En el centro de este nuevo desacuerdo europeo se encuentra el gigante chino Huawei. Desde hace varios años, la empresa se ha consolidado como uno de los principales proveedores de equipos de telecomunicaciones del mundo. Huawei fabrica, entre otros, antenas 5G, infraestructura de Internet, servidores y soluciones en la nube. Gracias a equipos a menudo menos costosos y, en ocasiones, más avanzados tecnológicamente que los de sus competidores europeos, el grupo chino ha ido ganando cuota de mercado en el continente. Como resultado, numerosos operadores europeos han integrado equipos de Huawei en sus redes de telecomunicaciones.
Pero esta presencia masiva preocupa hoy a Bruselas. Porque, más allá de los simples equipos, las redes de telecomunicaciones se han convertido en infraestructuras estratégicas. Controlar las redes es también controlar una parte de la economía digital, las comunicaciones y los servicios esenciales. Es precisamente esto lo que alimenta las inquietudes occidentales. Desde hace varios años, Estados Unidos acusa a Huawei de mantener estrechos vínculos con el poder chino y de representar un riesgo potencial para la seguridad de las infraestructuras críticas.
Bruselas quiere endurecer las normas de ciberseguridad
Hasta ahora, la Unión Europea se ha mantenido relativamente cautelosa en el caso de Huawei. Pero la situación está cambiando. La Comisión Europea está preparando actualmente una reforma de su legislación sobre ciberseguridad. Su objetivo es permitir la exclusión progresiva de los proveedores considerados de “alto riesgo” de las infraestructuras críticas europeas. Aunque Huawei no se menciona explícitamente en el texto, la empresa china aparece claramente como uno de los principales objetivos de esta futura normativa.
El problema es que Europa se ha equipado ampliamente con estas tecnologías en los últimos años. Reemplazar estas infraestructuras no significaría simplemente cambiar unas cuantas antenas. Implicaría reconstruir una parte importante de las redes digitales europeas. Y la factura podría ser particularmente elevada. La Comisión Europea ya estima que la sustitución de los equipos afectados representaría una inversión de varios miles de millones de euros.

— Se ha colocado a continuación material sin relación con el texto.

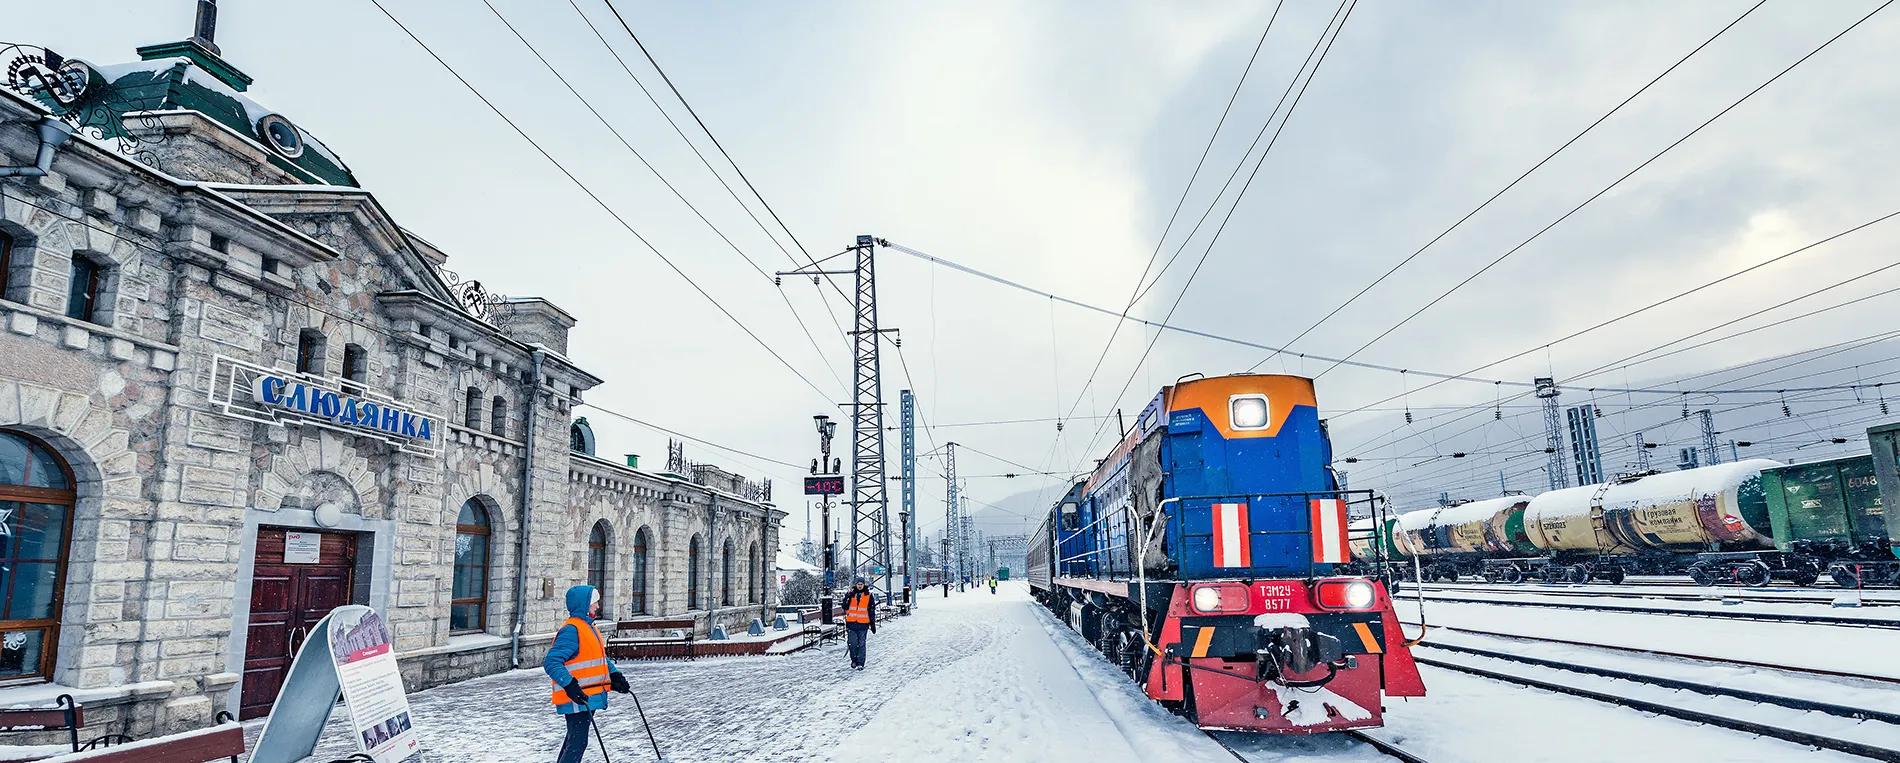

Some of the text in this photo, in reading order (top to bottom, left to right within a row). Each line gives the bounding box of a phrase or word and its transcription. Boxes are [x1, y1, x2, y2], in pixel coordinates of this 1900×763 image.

[257, 375, 432, 441] СЛЮДЯНКА
[1848, 475, 1878, 488] 6048
[1647, 508, 1677, 519] грузовая
[1265, 598, 1290, 610] 8577
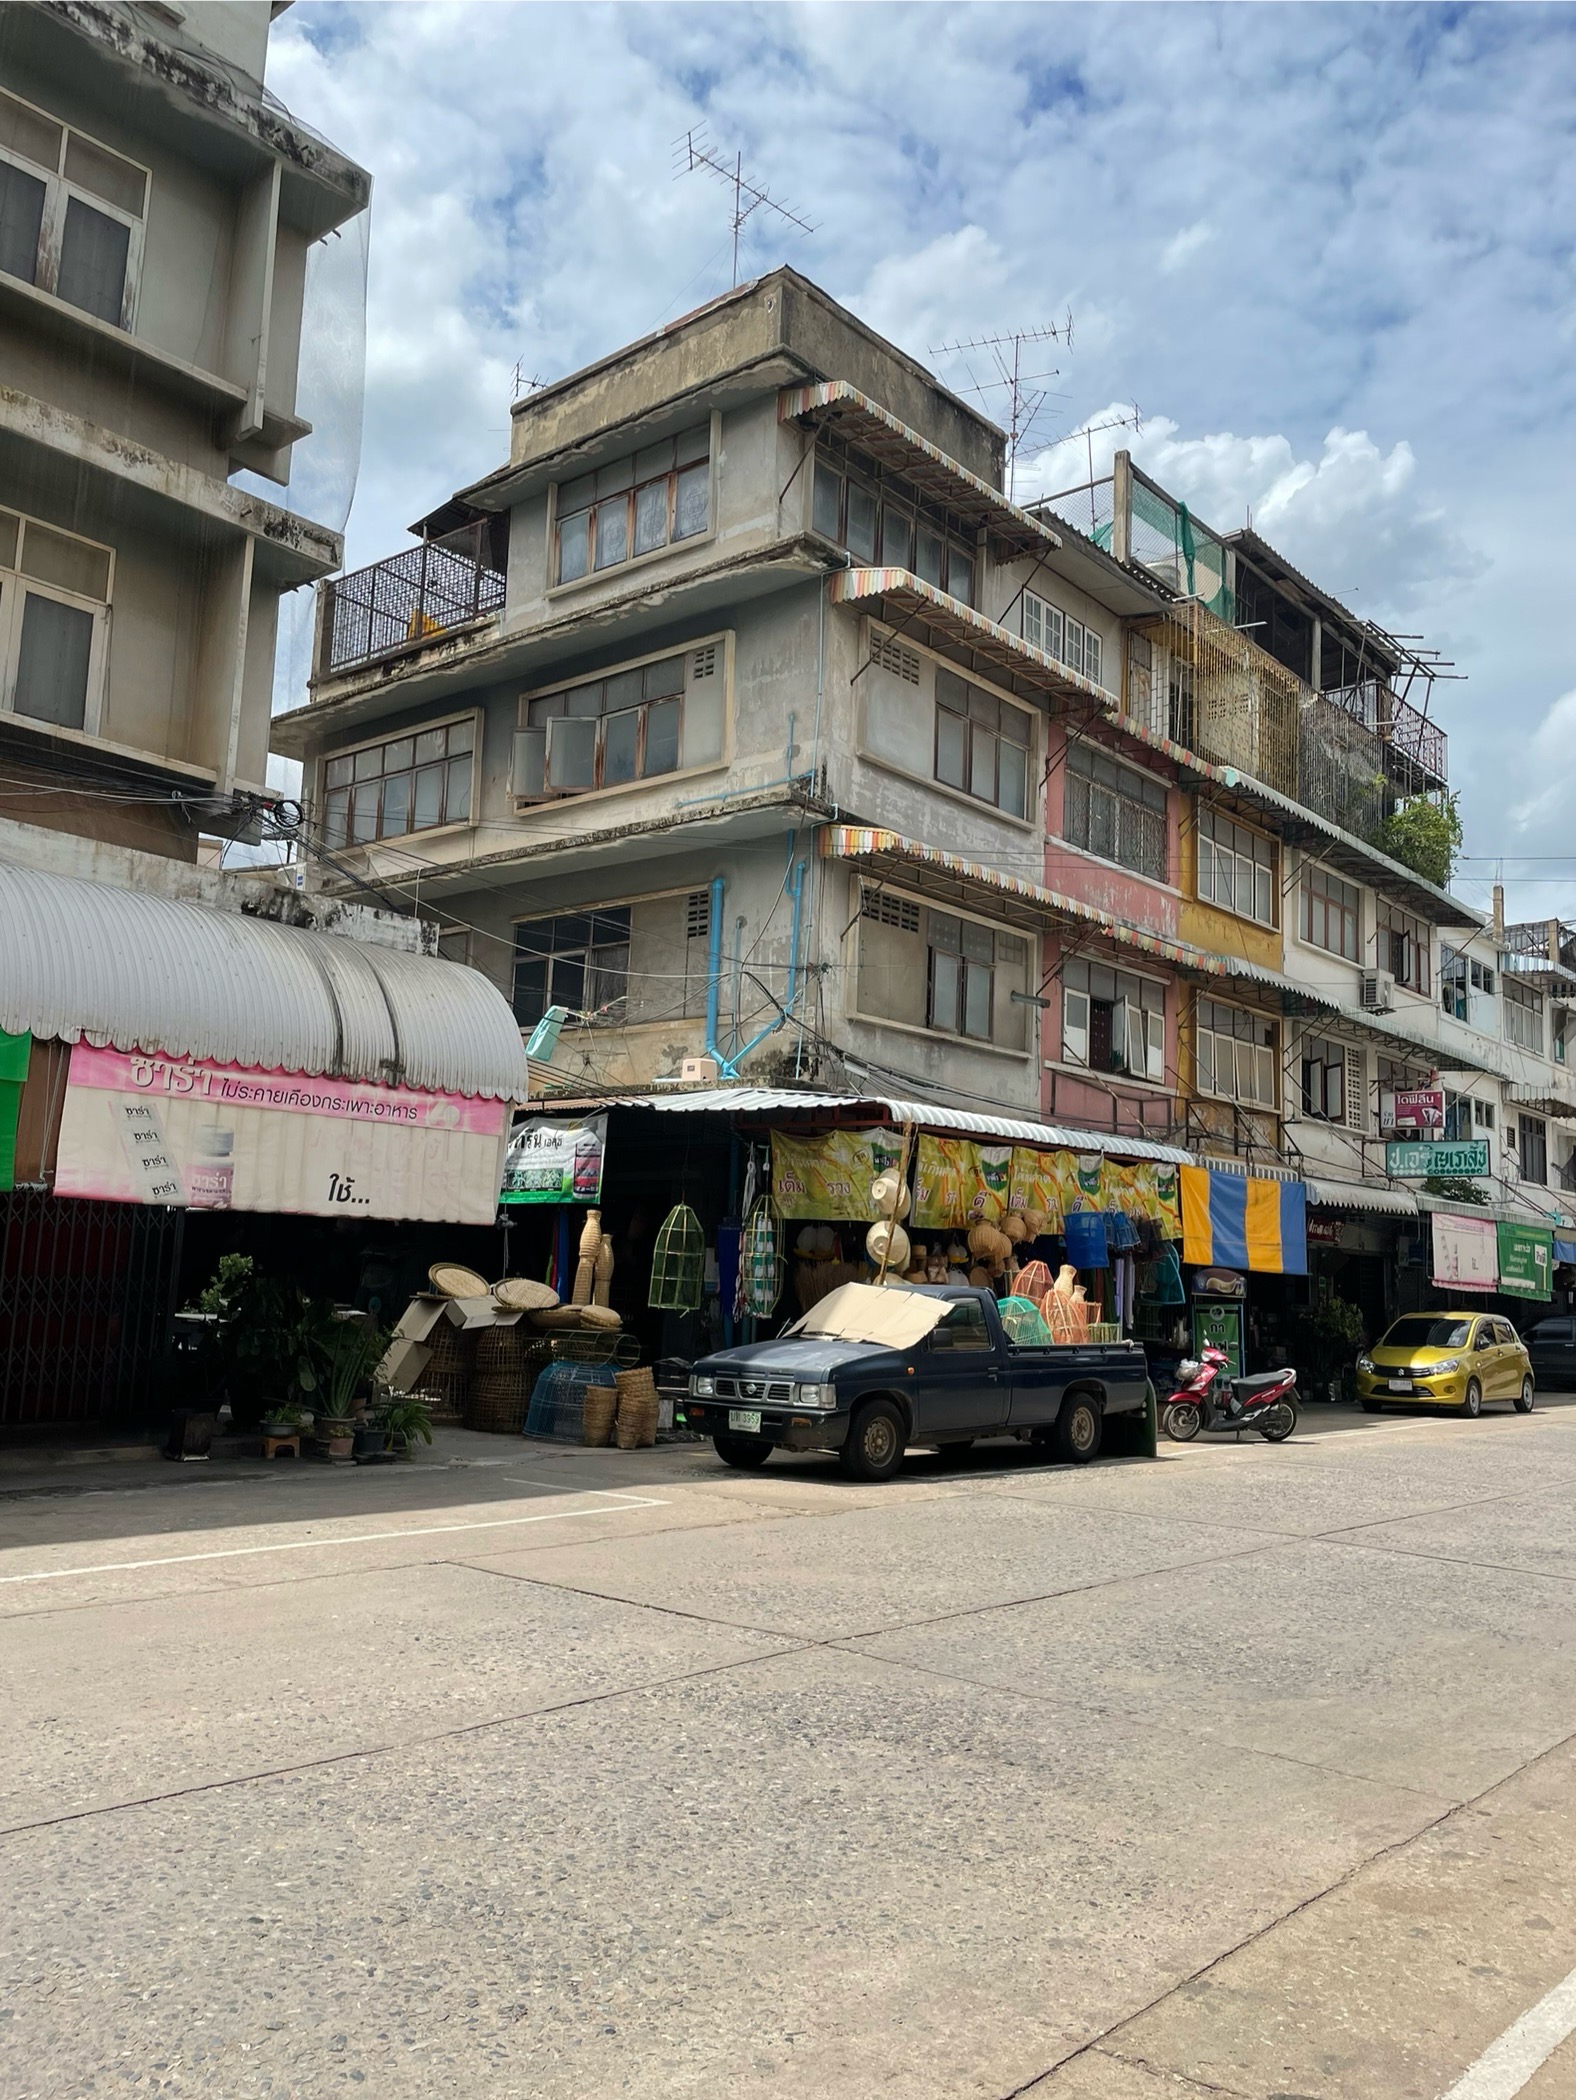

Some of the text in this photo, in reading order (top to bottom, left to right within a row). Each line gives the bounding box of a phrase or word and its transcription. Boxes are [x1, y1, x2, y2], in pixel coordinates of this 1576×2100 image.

[221, 1078, 418, 1120] ไม่ระคายเคืองกระเพาะอาหาร
[328, 1173, 371, 1205] ใช้...
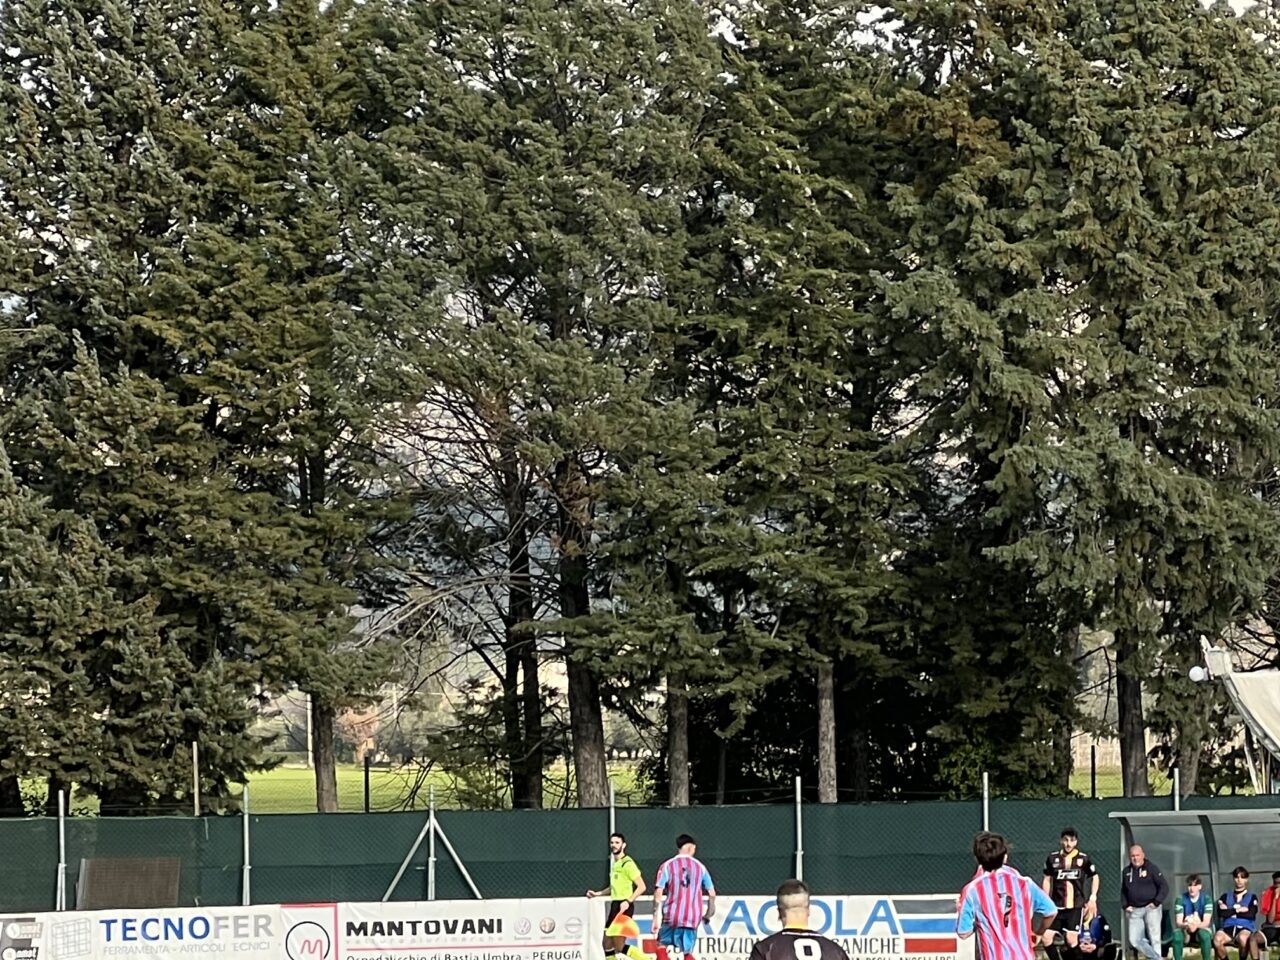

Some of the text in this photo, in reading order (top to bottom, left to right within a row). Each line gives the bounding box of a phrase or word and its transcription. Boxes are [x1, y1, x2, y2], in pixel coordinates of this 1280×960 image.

[99, 914, 274, 942] TECNOFER
[346, 919, 502, 936] MANTOVANI
[104, 945, 170, 955] FERRAMENTA
[228, 941, 270, 952] ECNICI
[666, 937, 761, 954] TRUZIO
[533, 950, 582, 960] PERUGIA

Según un estudio encargado por la Cámara de Comercio China ante la Unión Europea, el costo podría incluso alcanzar cerca de 370 mil millones de euros de aquí a 2030 si los proveedores chinos fueran excluidos de numerosos sectores estratégicos.
Alemania y España temen las consecuencias económicas
Es precisamente por esta razón que algunos Estados miembros, en particular Alemania y España, se muestran reticentes ante los proyectos de Bruselas. Alemania mantiene estrechos vínculos económicos con China. Los fabricantes de automóviles alemanes realizan una parte importante de sus ventas en el mercado chino, mientras que numerosas industrias del país siguen dependiendo en gran medida de las cadenas de suministro chinas. Berlín se encuentra, por lo tanto, en una posición delicada. Por un lado, las autoridades alemanas reconocen los retos relacionados con la ciberseguridad y la soberanía digital. Por otro lado, temen las consecuencias económicas de un enfrentamiento con Pekín. Esta preocupación se ve reforzada por las amenazas de represalias formuladas por China. Pekín ya ha advertido que podría tomar contramedidas si Huawei fuera excluida de las redes europeas.
España también comparte esta cautela. Madrid lleva varios años tratando de atraer inversiones chinas, especialmente en los sectores de los vehículos eléctricos y las energías renovables. Detrás de la batalla en torno a Huawei se perfila, por tanto, una fractura más amplia dentro de la Unión Europea. El debate ya trasciende la mera cuestión de las telecomunicaciones. Afecta a la capacidad del continente para alcanzar la soberanía tecnológica sin dejar de preservar sus intereses económicos. Porque la Unión Europea se encuentra hoy atrapada entre dos grandes potencias. Por un lado, Estados Unidos presiona a sus aliados para que reduzcan su dependencia de China.
Por otro lado, Pekín sigue siendo un socio comercial fundamental para muchas economías europeas. La dificultad para los Estados miembros consiste ahora en encontrar un equilibrio entre la seguridad, la soberanía tecnológica y los intereses económicos. Un desafío que podría marcar el rumbo de las relaciones entre Europa y China en los próximos años.